2.1 Purchases During Transition Period.

(a) During the Transition Period, Advancis will purchase and Lilly will sell to Advancis Inventory for distribution and sale in Territory at the times and in the amounts set forth in the Transition Services Agreement.

(b) On [***], Advancis will purchase and Lilly will sell to Advancis all remaining amounts of Inventory not previously sold to Advancis pursuant to subparagraph (a) above.

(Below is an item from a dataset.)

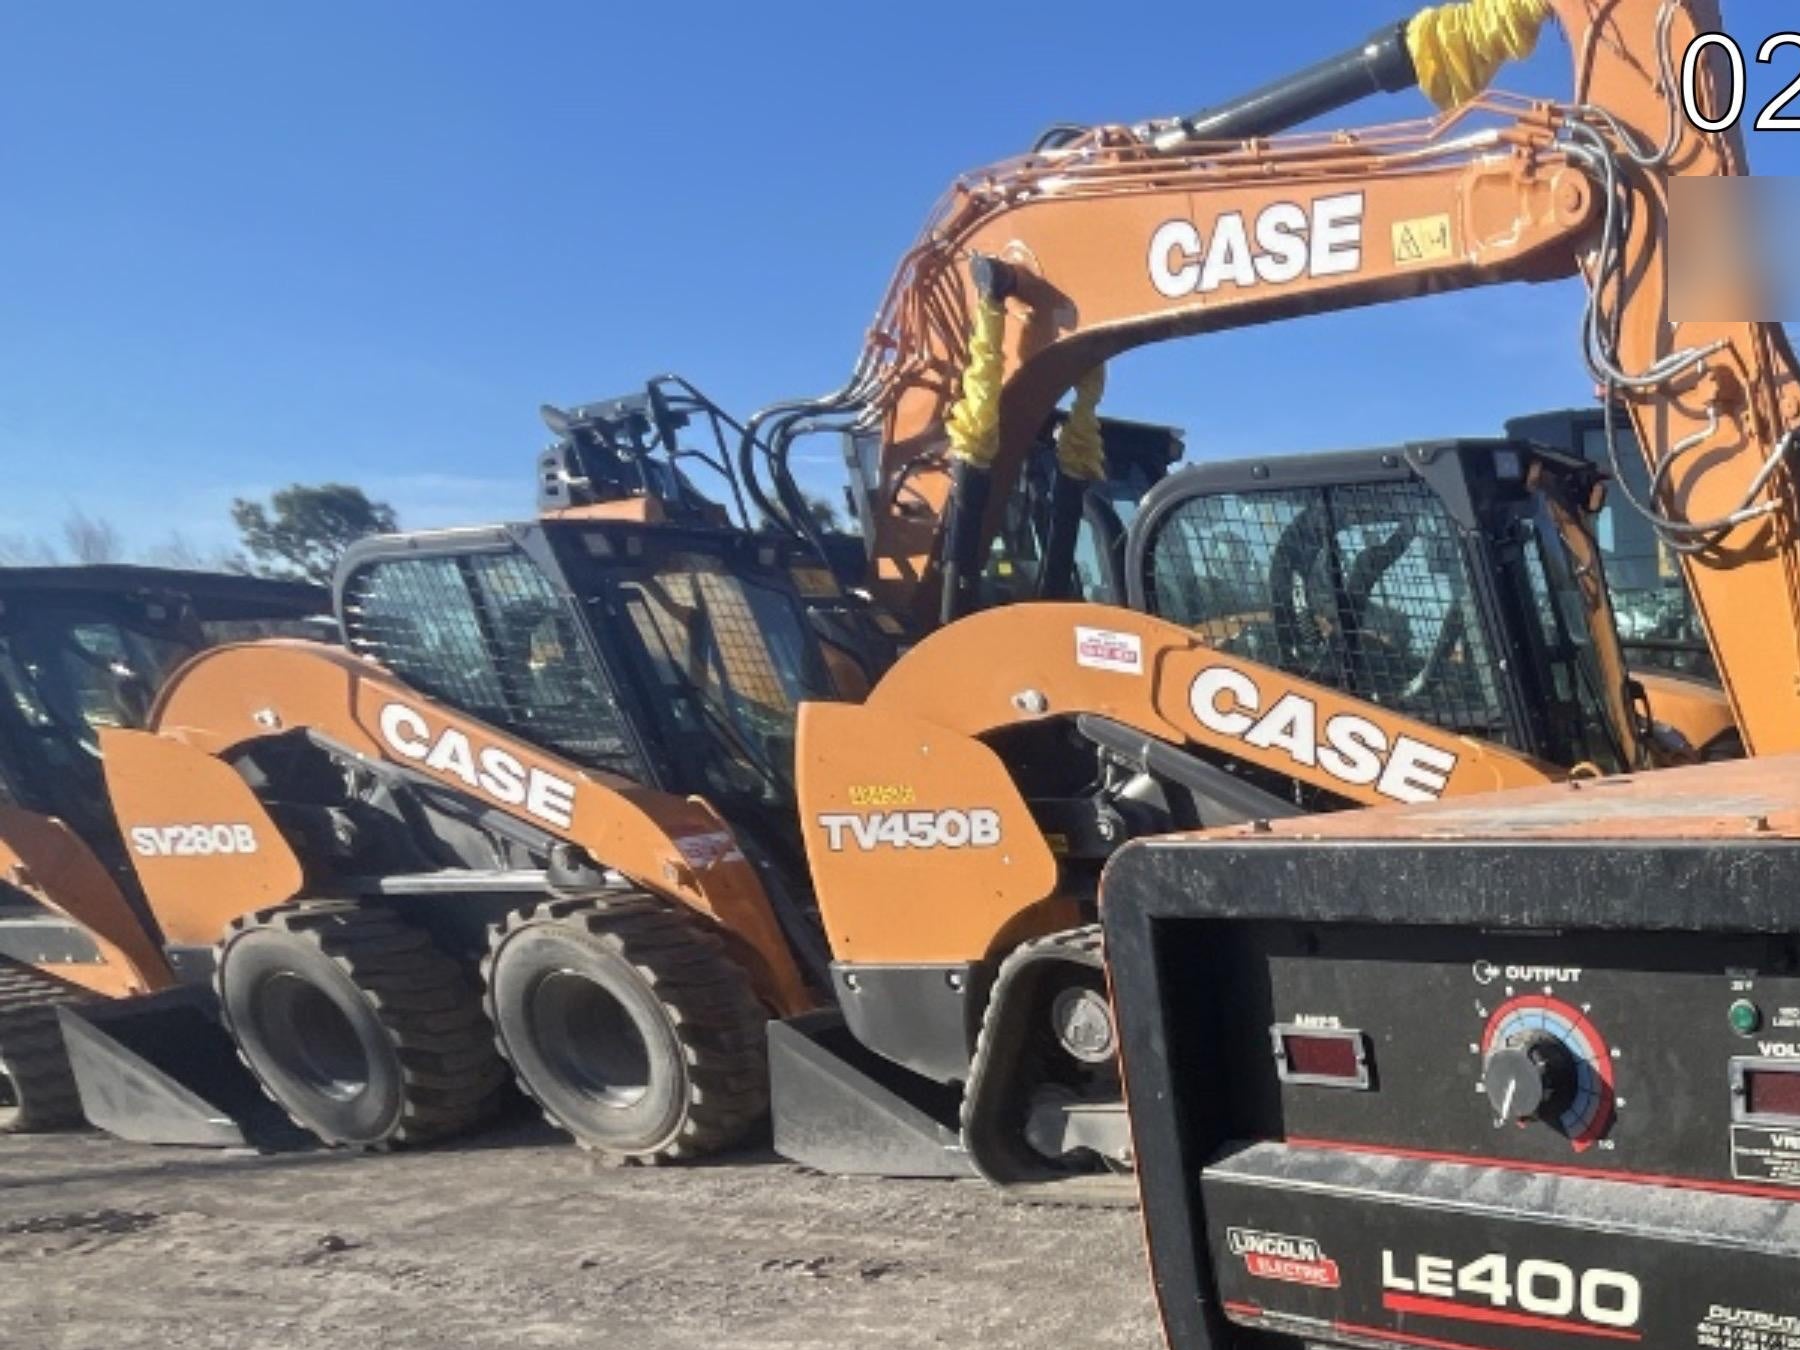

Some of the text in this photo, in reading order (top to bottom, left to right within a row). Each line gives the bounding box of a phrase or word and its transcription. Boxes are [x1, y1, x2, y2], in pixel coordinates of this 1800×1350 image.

(c) The quantity of Product comprising the Inventory will be applied towards Lilly' s maximum supply obligations set forth in Sections 4.1 and 4.3. Lilly will have no obligation to re-label or over-label the Inventory. Advancis will not re-label or over-label any Inventory without the prior written consent of Lilly, which consent will not be unreasonably withheld. Advancis shall purchase the Inventory at the Purchase Price as defined in Section 2.2 below. For quantities purchased during the Transition Period, payment shall be made in accordance with the Transition Services Agreement. At any time within 30 days following [***], representatives of Advancis shall have the right to physically inspect the Inventory purchased pursuant to subparagraph (b) above. To the extent that a variance exists between the quantity of Product purported to be sold to Advancis and the actual quantity shown by the inspection, the Parties agree to reconcile the difference within 30 days of Advancis providing notice to Lilly of such variance. The Parties shall mutually agree upon the procedures to be followed in any such inspection.

[***] INDICATES MATERIAL THAT HAS BEEN OMITTED AND FOR WHICH CONFIDENTIAL TREATMENT HAS BEEN REQUESTED. ALL SUCH OMITTED MATERIAL HAS BEEN FILED WITH THE SECURITIES AND EXCHANGE COMMISSION PURSUANT TO RULE 24b-2 UNDER THE SECURITIES EXCHANGE ACT OF 1934, AS AMENDED.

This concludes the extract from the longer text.